In those years, just after the First War, both the Yankees and the Giants used the field, and it was the Yankees he had seen that first day with Israel. He didn’t remember much of what he had seen that afternoon and had been more interested in the frankfurters and sarsaparilla his father had bought him than in the game itself, but his father had kept the scorecard for years and much later, in cleaning out an attic, Federov had found the crumbling, yellow card. It had been carefully marked by his father, with runs, hits, errors, singles, outs, shortstop to first base, strikeouts, substitutions, all the elaborate, finicking code of the game, to remind men on winter nights of great deeds done on summer afternoons. Scanning the brittle scrap of yellowed paper, preserved from his childhood, Federov had realized he had seen heroes that day—Babe Ruth in right field, Home-Run Baker at third, Peckinpaugh at first, Waite Hoyt, the Flatbush undertaker, on the mound. The Yankees had won then, too, Federov remembered.
Nobody played baseball in the Polo Grounds any more, and they were tearing it down to put up blocks of apartment buildings.
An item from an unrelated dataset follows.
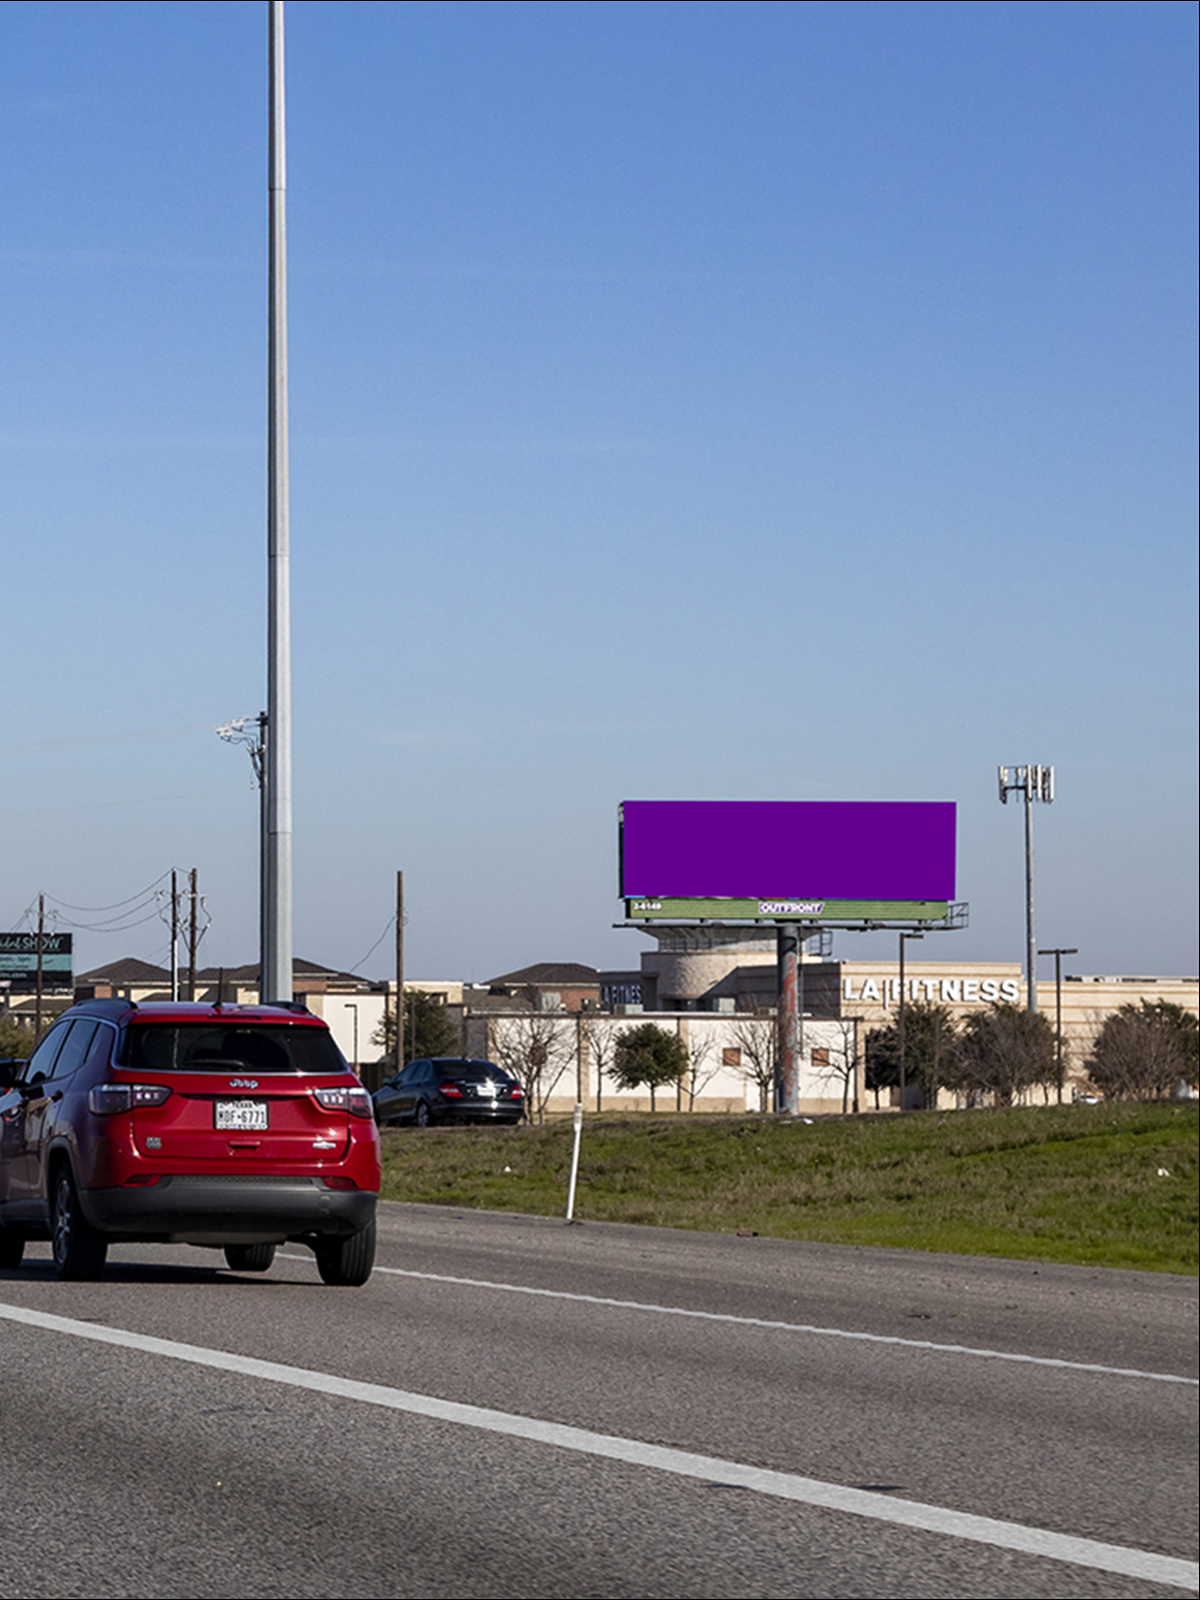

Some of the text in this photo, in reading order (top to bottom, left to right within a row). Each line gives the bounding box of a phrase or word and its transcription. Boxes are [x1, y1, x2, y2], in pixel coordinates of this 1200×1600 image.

There were other traditions, of course, that his son might be induced to share. Going to war, for example, and seeing a son off to war, as his father had done. All within the span of less than twenty-five years. Michael was thirteen. Within eleven or twelve years, the ritual might very well be repeated. Three generations of the men of the same family sailing to battle would make quite a respectable, almost ancient, tradition in a country as young as America.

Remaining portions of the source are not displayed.